Emerging as another breather to Vodafone Idea, the telecom operator has revised its agreement with the Vodafone Group promoters to recover ₹5,836 crore from outstanding dues which arose from legacy liabilities linked to its 2017 merger with Idea Cellular.
The amendment changes the March 2017 agreement, which created the Contingent Liability Adjustment Mechanism (CLAM) to compensate the company for legal, regulatory and tax liabilities arising after the merger.
Hybrid of Cash and Equity Mechanisms
In a regulatory filing to stock exchanges, the telco set out two phases for recovery. Firstly, Vodafone Group promoters will release ₹2,307 crore in cash over the next 12 months. In addition, 328 crore equity shares of Vodafone Idea, held by certain Vodafone Group shareholders, have been earmarked for five years.
Proceeds from the sale of these shares will accrue to Vodafone Idea. Based on the closing share price of ₹10.76 on the NSE, the shares are currently valued at ₹3,529 crore.

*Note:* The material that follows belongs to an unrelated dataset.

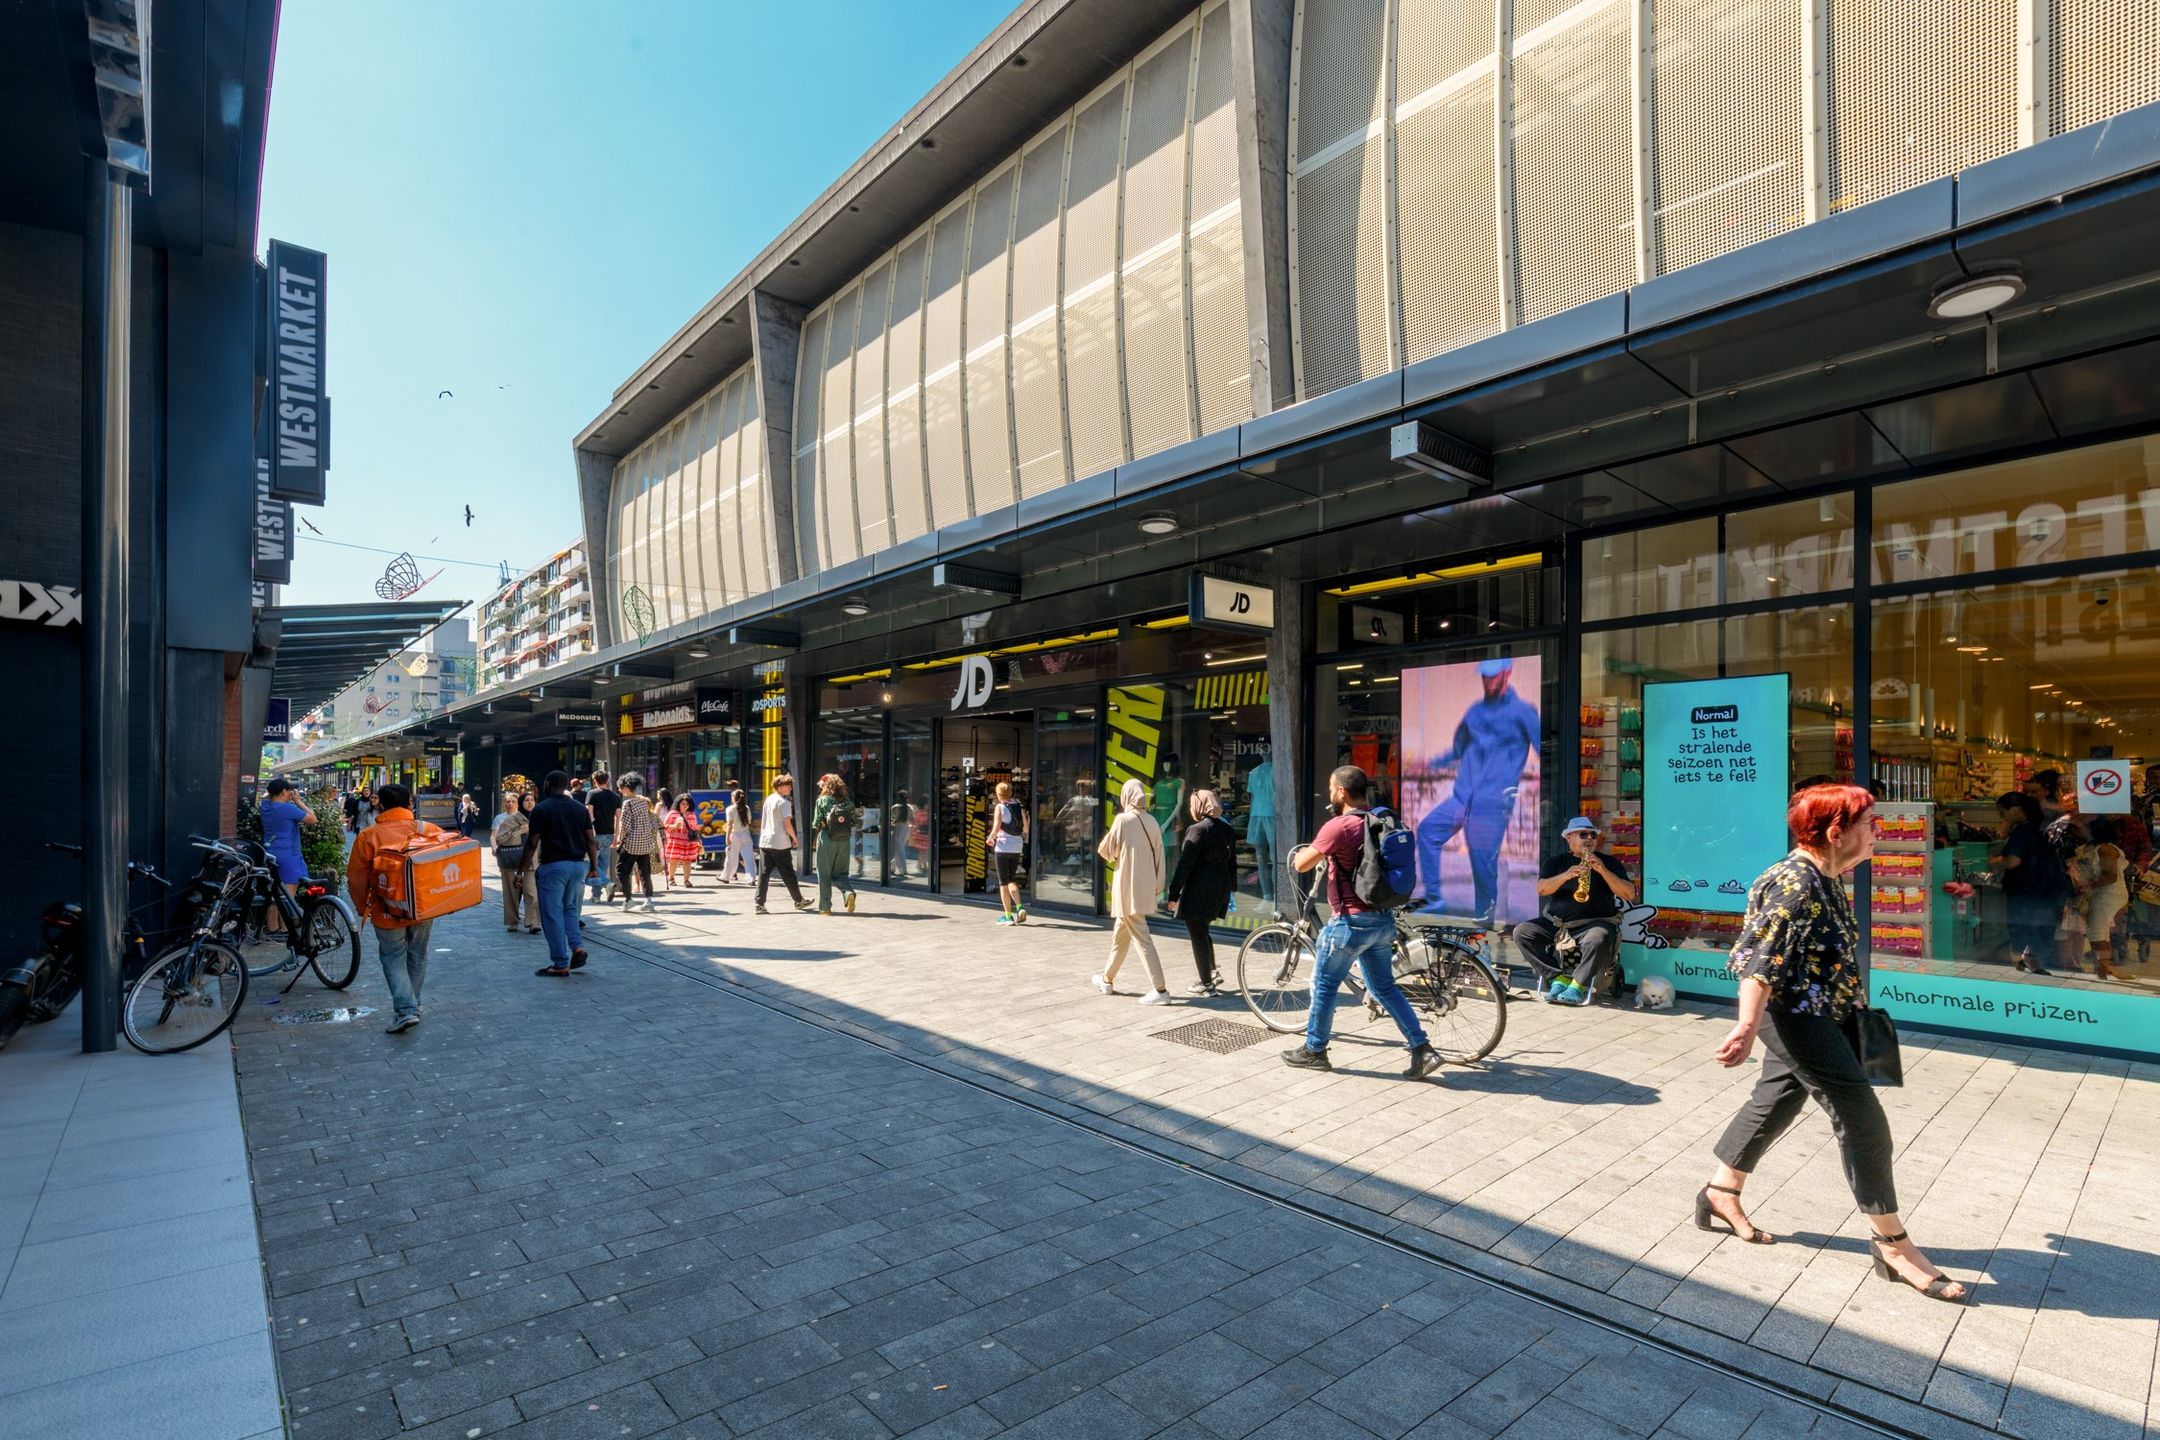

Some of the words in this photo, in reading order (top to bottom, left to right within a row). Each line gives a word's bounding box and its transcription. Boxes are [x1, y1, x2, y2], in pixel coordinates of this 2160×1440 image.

Thus, the remaining CLAM amount would be recovered through a combination of cash payments and equity-backed arrangements.
Resolving Post-Merger Liability Disputes
The company had earlier recognised ₹8,369 crore as receivable under CLAM, of which ₹1,975 crore has already been paid by the Vodafone Group. The amended structure ensures recovery of the balance amount despite the original sunset clause for CLAM expiring on June 30, 2025, which was subsequently extended to December 31, 2025. The outstanding recoverable amount stood at ₹6,394 crore.
Vodafone Idea clarified that receipt of the CLAM amount is not contingent upon any prior payment to the Department of Telecommunications.